Family and Employment-Based Immigrant Visas

The proposed immigration law will substantially revise the current family- and employment-based immigrant visa (green card) system.  It will aim to eliminate the current (significant) backlog in most of the immigrant visa categories and then, in five years, introduce a merit-based immigrant visa.

Family-based.

Out of the four family-based preference categories (which have annual limit of 480,000), two will be eliminated and the eligibility for the rest will be revised.   Under the new bill, there will be two family-based categories and they will cover unmarried adult children; married adult children who file before age 31, and unmarried adult children of lawful permanent residents.   The V visa will be expanded to allow individuals with approved family petition to reside in the US and other family members to visit the US for up to 60 days per year.

The bill removes immigrant visas for siblings of U.S. citizens (in 18 months after the bill is enacted) and amends the definition of “immediate relative” to include a child or spouse of an alien admitted for lawful permanent residence.  Also, the existing category for married sons and daughters of U.S. citizens is amended to include only sons and daughters who are under 31 years of age.

Employment-based.

The new bill will exempt the annual numerical limitations the following categories:  derivative beneficiaries (spouses/children) of employment-based immigrants; aliens of extraordinary ability, outstanding professors/researchers; multinational executives and managers; Ph.D. degree holders in any field; and certain physicians.  Currently, all of these categories are counted under the annual numerical limits and, as a result, are slowing down the approval of the immigrant visas for everyone else.
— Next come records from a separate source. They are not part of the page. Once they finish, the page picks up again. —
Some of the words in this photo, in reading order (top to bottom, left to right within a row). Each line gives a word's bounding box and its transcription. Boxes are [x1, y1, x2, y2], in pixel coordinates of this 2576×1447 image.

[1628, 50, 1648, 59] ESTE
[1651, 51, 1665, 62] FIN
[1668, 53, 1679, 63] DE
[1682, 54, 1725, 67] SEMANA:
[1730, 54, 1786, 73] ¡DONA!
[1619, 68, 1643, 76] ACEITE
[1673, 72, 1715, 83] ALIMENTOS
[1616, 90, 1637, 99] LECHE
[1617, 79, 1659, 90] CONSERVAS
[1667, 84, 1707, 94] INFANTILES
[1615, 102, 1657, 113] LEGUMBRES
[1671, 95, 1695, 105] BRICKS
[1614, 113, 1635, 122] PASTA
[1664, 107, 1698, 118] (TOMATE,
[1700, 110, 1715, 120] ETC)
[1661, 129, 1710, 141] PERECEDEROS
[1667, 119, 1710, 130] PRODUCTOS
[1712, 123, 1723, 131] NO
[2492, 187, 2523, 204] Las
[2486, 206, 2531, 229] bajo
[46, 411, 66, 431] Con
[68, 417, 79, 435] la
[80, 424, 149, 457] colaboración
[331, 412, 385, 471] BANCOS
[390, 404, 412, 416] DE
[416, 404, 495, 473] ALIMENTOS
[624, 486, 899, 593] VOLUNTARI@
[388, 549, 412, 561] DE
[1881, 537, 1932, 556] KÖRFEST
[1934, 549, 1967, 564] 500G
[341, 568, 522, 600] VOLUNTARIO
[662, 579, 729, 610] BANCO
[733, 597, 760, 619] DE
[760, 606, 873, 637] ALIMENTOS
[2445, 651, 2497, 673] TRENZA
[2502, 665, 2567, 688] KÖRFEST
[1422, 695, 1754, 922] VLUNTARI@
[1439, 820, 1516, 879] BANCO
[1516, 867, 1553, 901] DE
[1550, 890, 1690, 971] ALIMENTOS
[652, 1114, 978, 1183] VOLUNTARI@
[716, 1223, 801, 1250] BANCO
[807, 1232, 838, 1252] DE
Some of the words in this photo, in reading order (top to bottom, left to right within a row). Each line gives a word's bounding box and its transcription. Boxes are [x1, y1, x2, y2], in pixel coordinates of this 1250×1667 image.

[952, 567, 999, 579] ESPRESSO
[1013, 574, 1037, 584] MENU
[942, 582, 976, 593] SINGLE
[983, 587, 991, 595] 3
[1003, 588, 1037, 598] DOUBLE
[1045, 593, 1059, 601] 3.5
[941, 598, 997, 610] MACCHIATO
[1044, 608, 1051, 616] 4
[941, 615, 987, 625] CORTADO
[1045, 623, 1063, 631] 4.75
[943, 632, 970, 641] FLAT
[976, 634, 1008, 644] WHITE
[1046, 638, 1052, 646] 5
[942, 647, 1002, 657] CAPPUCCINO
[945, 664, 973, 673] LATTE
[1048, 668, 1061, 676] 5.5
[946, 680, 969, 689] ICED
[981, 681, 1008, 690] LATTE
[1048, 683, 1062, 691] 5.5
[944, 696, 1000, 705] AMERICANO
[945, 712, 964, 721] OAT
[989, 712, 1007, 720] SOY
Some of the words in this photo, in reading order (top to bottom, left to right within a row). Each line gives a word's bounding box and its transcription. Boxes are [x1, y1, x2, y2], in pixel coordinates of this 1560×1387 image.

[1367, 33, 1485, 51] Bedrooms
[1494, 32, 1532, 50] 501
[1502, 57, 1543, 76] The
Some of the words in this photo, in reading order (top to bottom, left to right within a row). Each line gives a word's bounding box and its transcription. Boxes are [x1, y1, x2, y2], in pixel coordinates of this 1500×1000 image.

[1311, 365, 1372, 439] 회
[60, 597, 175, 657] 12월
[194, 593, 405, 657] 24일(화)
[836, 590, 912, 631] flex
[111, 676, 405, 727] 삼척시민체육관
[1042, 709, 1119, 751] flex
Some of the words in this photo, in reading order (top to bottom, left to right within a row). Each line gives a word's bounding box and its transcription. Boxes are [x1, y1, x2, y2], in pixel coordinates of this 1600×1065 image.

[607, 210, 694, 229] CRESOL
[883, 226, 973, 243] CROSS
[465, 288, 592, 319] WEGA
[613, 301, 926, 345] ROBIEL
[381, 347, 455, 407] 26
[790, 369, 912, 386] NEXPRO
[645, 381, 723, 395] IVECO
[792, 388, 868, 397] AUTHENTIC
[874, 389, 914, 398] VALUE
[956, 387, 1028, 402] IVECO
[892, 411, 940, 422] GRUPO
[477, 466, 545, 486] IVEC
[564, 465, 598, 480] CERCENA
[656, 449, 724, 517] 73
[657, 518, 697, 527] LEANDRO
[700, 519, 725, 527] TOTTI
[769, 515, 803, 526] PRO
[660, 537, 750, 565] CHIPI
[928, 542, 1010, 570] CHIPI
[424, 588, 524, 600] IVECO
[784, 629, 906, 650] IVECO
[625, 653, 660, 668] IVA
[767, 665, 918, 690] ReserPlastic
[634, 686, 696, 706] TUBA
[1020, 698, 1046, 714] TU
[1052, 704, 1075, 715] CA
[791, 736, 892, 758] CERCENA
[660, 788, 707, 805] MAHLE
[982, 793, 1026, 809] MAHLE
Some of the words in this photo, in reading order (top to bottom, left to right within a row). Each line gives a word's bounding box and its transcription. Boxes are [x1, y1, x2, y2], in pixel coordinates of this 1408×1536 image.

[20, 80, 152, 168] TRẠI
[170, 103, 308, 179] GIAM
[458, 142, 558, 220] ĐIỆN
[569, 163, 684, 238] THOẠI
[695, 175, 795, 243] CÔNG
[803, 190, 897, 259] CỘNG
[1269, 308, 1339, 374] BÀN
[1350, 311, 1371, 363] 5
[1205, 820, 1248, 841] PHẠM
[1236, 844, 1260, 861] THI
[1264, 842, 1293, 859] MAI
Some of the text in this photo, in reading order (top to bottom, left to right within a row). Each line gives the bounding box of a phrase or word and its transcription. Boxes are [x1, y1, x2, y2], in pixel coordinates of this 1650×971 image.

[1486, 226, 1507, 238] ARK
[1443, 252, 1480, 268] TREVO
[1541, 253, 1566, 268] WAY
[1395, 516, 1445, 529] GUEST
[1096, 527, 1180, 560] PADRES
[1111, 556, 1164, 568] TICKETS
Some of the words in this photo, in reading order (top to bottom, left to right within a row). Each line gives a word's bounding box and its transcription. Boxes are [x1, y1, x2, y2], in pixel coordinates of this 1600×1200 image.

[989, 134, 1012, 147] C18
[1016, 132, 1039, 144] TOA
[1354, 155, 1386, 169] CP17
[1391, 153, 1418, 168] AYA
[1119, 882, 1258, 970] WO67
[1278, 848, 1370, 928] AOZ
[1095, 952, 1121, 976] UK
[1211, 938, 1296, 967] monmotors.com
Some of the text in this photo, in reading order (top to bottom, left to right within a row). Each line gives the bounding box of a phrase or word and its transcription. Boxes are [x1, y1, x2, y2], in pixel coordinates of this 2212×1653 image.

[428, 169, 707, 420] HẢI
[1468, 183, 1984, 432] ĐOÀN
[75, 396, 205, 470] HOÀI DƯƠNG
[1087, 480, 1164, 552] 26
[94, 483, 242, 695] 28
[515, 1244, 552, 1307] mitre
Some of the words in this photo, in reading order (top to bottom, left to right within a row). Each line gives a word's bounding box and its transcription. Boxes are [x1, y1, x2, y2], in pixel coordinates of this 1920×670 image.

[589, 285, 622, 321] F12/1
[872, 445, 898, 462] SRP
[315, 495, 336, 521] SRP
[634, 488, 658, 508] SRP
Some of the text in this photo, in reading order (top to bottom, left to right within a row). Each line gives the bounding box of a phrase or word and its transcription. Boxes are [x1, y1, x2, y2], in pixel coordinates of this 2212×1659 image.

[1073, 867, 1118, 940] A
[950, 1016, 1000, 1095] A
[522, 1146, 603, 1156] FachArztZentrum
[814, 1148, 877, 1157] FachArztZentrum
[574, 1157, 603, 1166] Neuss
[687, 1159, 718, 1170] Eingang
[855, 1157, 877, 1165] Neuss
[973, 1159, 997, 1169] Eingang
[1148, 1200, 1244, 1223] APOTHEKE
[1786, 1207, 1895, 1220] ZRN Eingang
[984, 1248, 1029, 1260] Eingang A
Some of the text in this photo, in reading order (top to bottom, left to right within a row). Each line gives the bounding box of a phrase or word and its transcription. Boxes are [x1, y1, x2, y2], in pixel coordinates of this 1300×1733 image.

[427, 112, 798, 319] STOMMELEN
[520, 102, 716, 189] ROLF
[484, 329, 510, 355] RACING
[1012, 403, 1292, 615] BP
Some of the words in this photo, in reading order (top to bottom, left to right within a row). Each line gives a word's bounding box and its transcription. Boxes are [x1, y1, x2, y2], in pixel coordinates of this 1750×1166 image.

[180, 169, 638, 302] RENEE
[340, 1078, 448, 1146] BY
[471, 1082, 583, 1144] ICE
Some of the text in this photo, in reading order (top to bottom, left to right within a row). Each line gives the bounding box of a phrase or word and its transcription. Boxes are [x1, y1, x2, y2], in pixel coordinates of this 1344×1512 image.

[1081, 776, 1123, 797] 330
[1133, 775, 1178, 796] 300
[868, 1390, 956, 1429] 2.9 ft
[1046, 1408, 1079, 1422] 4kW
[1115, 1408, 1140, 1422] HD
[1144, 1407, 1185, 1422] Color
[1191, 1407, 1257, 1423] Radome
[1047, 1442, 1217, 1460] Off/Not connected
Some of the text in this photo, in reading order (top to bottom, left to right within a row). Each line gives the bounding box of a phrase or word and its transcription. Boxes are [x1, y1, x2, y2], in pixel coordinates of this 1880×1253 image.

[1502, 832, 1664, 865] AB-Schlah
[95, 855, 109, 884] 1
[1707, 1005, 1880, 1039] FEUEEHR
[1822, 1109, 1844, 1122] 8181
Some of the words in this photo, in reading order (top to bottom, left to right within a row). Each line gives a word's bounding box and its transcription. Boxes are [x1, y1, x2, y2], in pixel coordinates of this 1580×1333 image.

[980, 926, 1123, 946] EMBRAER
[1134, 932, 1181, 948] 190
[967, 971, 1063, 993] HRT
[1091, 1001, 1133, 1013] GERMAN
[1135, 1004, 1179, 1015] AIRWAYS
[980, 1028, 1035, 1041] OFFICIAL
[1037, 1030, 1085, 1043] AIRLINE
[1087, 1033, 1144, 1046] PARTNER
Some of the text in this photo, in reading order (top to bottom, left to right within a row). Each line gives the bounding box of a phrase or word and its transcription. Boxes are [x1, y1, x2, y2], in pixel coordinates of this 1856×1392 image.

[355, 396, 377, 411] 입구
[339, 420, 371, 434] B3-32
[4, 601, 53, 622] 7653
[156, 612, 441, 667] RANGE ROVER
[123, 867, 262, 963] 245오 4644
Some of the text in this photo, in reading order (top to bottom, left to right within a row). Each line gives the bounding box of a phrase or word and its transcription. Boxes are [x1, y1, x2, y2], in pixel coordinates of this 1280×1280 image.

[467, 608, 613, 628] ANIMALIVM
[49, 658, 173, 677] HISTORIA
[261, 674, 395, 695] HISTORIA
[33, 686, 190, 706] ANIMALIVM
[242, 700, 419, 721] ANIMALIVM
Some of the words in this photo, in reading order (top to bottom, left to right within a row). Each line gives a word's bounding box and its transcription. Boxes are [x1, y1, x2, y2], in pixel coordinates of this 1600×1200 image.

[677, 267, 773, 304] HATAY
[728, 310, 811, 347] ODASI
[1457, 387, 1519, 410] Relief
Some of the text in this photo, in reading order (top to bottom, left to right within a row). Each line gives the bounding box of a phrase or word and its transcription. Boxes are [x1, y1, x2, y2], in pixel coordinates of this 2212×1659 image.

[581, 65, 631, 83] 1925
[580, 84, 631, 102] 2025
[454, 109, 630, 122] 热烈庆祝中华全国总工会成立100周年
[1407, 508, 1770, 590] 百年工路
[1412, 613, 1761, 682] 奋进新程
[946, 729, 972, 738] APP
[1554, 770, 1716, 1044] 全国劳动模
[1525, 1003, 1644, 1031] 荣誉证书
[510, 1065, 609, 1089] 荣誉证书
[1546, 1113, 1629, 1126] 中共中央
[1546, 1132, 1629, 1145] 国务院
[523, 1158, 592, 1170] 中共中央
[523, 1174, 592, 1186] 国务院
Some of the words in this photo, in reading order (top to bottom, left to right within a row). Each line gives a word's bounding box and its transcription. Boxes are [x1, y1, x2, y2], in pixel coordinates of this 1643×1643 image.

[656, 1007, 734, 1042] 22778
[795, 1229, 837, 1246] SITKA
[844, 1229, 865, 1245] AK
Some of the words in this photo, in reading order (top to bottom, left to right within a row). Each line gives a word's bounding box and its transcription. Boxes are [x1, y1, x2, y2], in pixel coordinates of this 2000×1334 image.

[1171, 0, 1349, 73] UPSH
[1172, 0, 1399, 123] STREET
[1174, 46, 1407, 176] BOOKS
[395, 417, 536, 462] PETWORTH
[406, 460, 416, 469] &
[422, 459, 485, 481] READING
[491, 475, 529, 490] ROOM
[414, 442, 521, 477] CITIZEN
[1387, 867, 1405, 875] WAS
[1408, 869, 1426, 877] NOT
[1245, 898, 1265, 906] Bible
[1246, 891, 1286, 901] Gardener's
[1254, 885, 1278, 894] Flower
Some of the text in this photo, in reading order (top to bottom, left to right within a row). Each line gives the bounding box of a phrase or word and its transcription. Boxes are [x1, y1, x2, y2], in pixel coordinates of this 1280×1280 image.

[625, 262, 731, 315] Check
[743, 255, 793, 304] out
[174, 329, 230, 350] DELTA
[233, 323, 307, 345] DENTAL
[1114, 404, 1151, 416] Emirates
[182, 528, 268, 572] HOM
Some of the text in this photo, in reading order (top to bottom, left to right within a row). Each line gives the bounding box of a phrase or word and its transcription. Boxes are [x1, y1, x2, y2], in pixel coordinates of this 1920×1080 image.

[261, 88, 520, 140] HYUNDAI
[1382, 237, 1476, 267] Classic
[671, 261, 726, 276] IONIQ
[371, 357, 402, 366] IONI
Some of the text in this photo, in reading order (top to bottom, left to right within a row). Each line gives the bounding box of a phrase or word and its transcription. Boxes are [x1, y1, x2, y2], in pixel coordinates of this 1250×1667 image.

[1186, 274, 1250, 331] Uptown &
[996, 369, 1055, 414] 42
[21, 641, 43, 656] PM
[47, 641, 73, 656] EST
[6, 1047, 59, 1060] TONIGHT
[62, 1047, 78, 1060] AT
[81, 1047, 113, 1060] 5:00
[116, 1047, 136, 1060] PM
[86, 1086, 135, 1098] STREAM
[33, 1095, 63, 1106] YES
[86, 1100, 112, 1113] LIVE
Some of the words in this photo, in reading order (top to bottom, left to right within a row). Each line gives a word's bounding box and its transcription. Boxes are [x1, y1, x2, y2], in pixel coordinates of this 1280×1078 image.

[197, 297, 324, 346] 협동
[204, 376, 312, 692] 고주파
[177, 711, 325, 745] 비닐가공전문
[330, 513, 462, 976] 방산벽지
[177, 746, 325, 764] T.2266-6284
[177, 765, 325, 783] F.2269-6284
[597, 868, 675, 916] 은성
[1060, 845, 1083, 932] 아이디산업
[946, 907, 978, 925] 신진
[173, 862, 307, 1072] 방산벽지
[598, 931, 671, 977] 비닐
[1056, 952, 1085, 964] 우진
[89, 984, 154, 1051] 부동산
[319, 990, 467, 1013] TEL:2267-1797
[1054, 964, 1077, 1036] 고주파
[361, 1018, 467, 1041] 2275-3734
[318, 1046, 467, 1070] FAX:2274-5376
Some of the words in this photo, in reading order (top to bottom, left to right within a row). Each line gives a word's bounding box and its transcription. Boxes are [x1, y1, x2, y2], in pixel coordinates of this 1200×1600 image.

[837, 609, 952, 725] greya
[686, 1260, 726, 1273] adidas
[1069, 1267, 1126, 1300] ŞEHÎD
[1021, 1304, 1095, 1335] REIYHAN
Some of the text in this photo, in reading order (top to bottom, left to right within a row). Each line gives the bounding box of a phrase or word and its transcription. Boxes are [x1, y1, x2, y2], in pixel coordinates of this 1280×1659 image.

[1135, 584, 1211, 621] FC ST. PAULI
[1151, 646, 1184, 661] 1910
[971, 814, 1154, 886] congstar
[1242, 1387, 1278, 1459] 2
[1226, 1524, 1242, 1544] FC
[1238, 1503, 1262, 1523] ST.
Forty percent of the employment-based immigrant visas will be allocated to what are now considered to be EB-2 workers with the addition of recent (the five years before petition is filed) U.S. master’s degree holders in a STEM field.

Additionally, an increased allocation (forty percent) of the annual employment-based limit will be allocated to skilled workers, professionals and other professionals.  The limit to immigrant visas for special immigrants will be ten percent and visas for those who foster employment creation (entrepreneurs/job creators) will also be limited to ten percent.

The bill would also create a startup visa for foreign entrepreneurs who seek to emigrate to the U.S. to start their own companies (and presumably create jobs).

Merit-based.

The merit-based immigrant visa will be created in the fifth year after enactment of the proposal and would award points to applicants on the basis of education, employment, length of residence in the US and other factors.   The applicants with the most points would be granted the merit-based immigrant visa.   The annual limit would be set at 120,000 and the number would increase by 5% per year if demand exceeds supply in any year, assuming the U.S. unemployment rate is under 8.5%.  The cap cannot exceed 250,000 per year.

Until the merit-based program starts (five years after enactment), the government will allocate the visa numbers to employment-based applicants who have been pending for more than three years, family-based petitions filed prior to enactment and pending for more than five years, long-term immigrants (those who have been in the US for 10 years).  In other words, the government will use these numbers to decrease the current backlog in the employment and family immigrant visa categories.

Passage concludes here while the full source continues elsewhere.